When asked about the appeal of Klezmer music, Svigals said it’s secular and yet it’s not. “Traditional Yiddish culture in all its forms — folklore, idioms and literature — religion was completely intertwined with daily life,” she said. “Klezmer music is shot through with liturgical melodies, but its function is relatively secular.”
“Everybody, whether very religious or completely secular, can feel the Jewishness and own klezmer music as a Jew.” – Alicia Svigals
Klezmer is like an identity marker. It’s Jewish music that is welcoming. “Everybody, whether very religious or completely secular, can feel the Jewishness and own klezmer music as a Jew,” she said. Klezmer is also beautiful, interesting, complex, absorbing, developed music, which appeals to people outside of the Jewish community. And it has a big non-Jewish following, including many non-Jewish players.
Svigals started playing the violin at age 5, but even before then was deeply affected by music.
Trained classically, Svigals fell in love with all different kinds of folk music in her teens. “I got involved in old-timey music: blue grass, Irish music”. She had been majoring in neuroscience in college, when she had to take time off. Svigals spent a year hitchhiking around Europe, meeting and playing with different musicians. “This was before they coined the term ‘World Music,’” she said.
She changed her major to ethnomusicology. For about a year she went back to playing music on the streets, before getting a job in a Greek nightclub “I became very interested in Greek fiddle music,” she said.
Svigals then read an ad: somebody was forming a klezmer band. The person who placed the ad disappeared, but everyone else came together and formed the Klezmatics. “This was really early on in the revival,” she said. “I really fell for klezmer music in particular, because it was related to music I’d grown up with my family.”
While klezmer was not considered a career path by their parents, work snowballed. And it turned into a living. “The surprises just kept coming, culminating in being awarded an honorary degree,” she said. “[This] was not anything that had ever been on my radar, although I always wanted to be a doctor. but didn’t want to do that school work and write a dissertation. So I was pleased.”
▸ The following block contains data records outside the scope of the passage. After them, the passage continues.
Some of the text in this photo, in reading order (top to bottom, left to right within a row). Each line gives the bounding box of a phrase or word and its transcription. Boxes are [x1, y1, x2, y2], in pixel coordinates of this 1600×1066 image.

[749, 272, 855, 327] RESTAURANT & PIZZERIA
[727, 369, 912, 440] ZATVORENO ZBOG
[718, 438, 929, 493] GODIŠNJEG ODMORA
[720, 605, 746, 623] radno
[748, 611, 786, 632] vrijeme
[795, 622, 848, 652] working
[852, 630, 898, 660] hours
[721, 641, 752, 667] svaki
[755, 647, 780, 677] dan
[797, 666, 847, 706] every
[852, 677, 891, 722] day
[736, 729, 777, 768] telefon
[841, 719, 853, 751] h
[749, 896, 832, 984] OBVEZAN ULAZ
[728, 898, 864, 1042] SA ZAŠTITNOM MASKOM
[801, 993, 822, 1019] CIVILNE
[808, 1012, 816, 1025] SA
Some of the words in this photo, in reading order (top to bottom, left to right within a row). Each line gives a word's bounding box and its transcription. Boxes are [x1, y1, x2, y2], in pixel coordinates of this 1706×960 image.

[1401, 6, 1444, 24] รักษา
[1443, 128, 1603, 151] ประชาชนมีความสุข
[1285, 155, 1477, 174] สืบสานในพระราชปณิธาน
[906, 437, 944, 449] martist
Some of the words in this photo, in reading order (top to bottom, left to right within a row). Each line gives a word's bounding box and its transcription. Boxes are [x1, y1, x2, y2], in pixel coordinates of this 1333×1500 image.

Svigals was amazed by the caliber of her fellow honorees. Rabbi Arthur Green, another honorary degree recipient, gave the commencement address. He’s a JTS alum and founding dean and retired rector of the Rabbinical School and Irving Brudnick Professor of Jewish Philosophy and Religion at Hebrew College. Other honorary degree recipients include Dr. Philip Ozuah, President and CEO of Montefiore Medicine, and Rabbi David Saperstein, Senior Advisor for Policy and Strategy at the Union for Reform Judaism and former director for 40 years of the Religious Action Center of Reform Judaism.
So what’s next for Svigals? Plenty.
An award-winning composer, she has also created powerful, inventive compositions, including music for the Kronos Quartet, as well as scores for silent films, dance and theater productions. Svigals and pianist Donald Sosin are currently touring internationally with their unique violin and piano scores for Jewish-themed silent films.
After meeting at a silent film festival in Italy in 2017, the two recorded their first original score for the 1923 German film “The Ancient Law,” soon followed by “The City Without Jews.” Their third score is for the 1992 satire “The Man Without a World,” by San Diego-based performance artist Eleanor Antin. These concerts, performed alongside screened silent films, are supported by a private foundation.
“We play synagogues, we play JCC, we’ve played Lincoln Center,” Sviglas said. “We play all over the world.”